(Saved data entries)
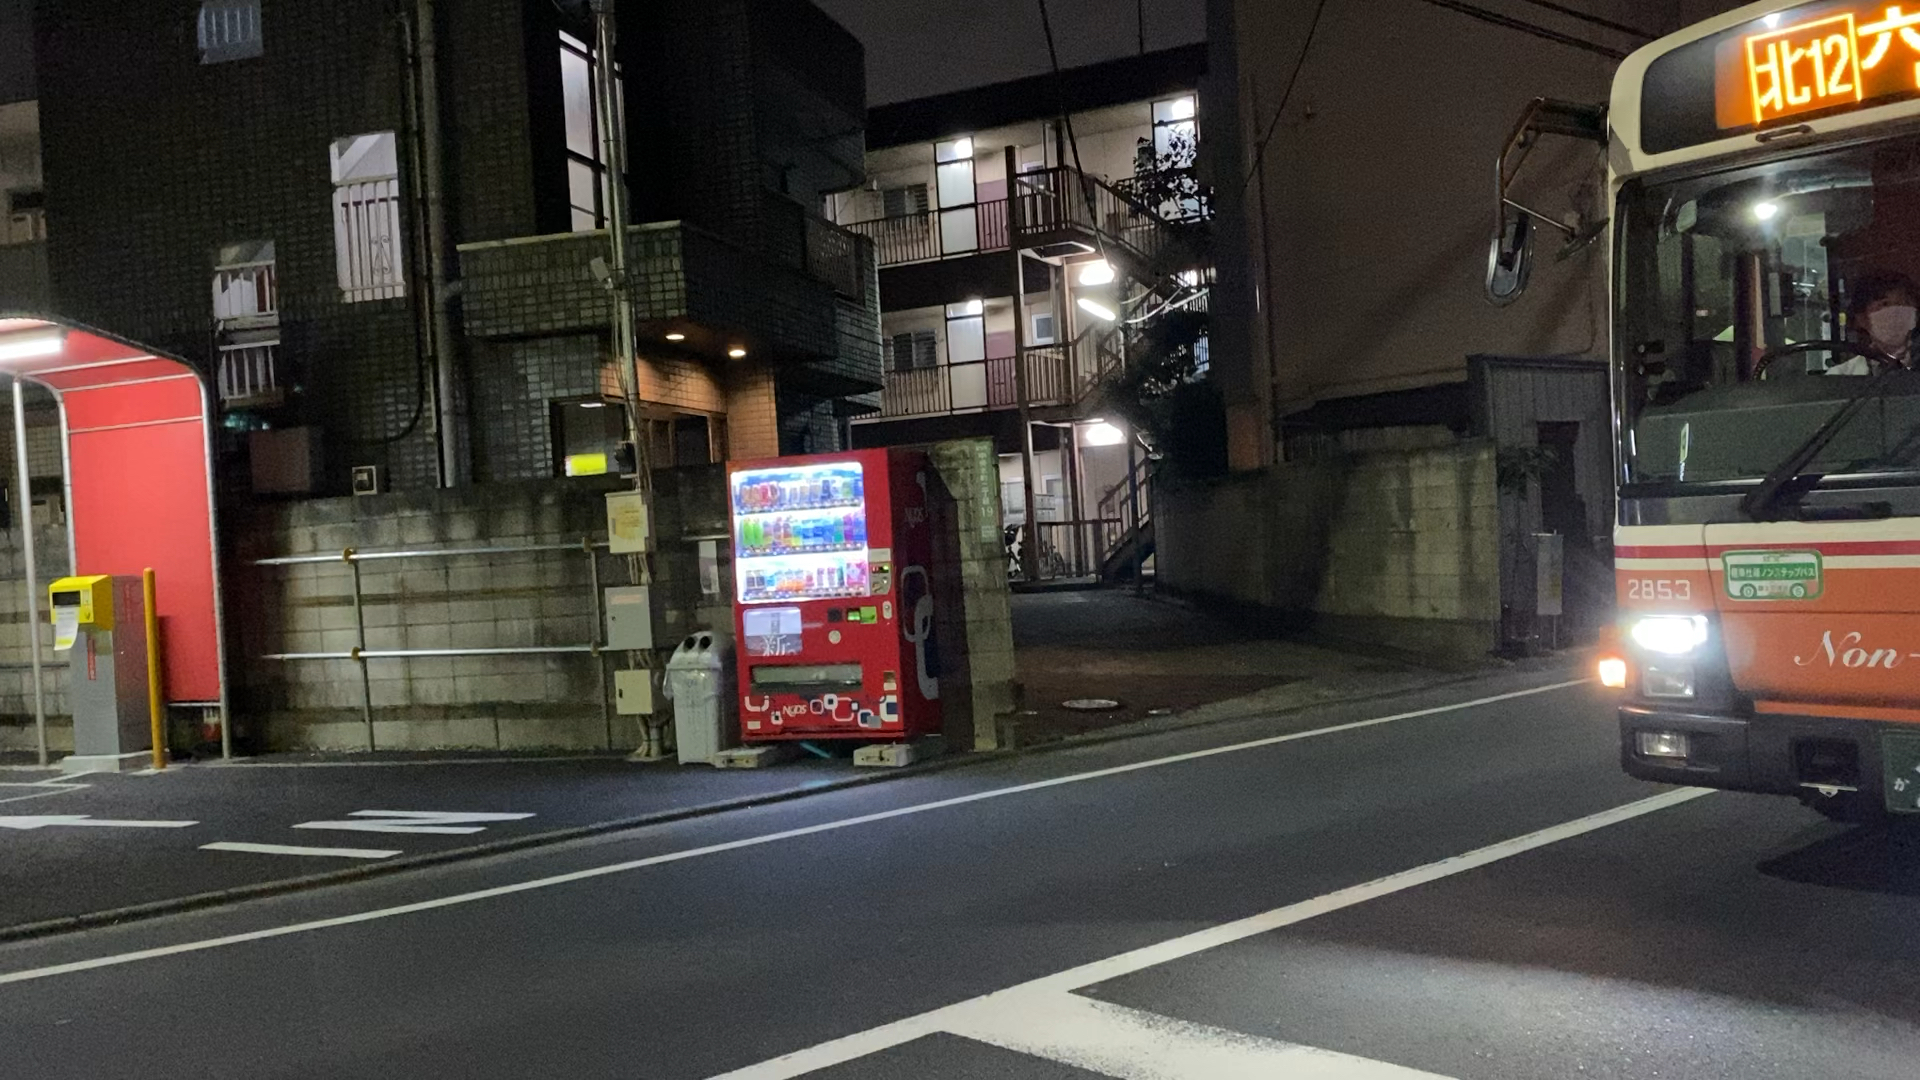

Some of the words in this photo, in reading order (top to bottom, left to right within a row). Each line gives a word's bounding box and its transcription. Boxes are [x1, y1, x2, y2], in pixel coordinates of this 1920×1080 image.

[1755, 32, 1854, 111] 北12
[981, 505, 994, 518] 19
[1731, 566, 1816, 579] 仕ノンテップバス
[1628, 579, 1690, 600] 2853

The problem:
Leaving the images out, return every record exactly.

The completed task:
Some of the words in this photo, in reading order (top to bottom, left to right within a row). Each line gives a word's bounding box and its transcription. Boxes are [x1, y1, x2, y2], in pixel coordinates of this 1920×1080 image.

[1755, 32, 1854, 111] 北12
[981, 505, 994, 518] 19
[1731, 566, 1816, 579] 仕ノンテップバス
[1628, 579, 1690, 600] 2853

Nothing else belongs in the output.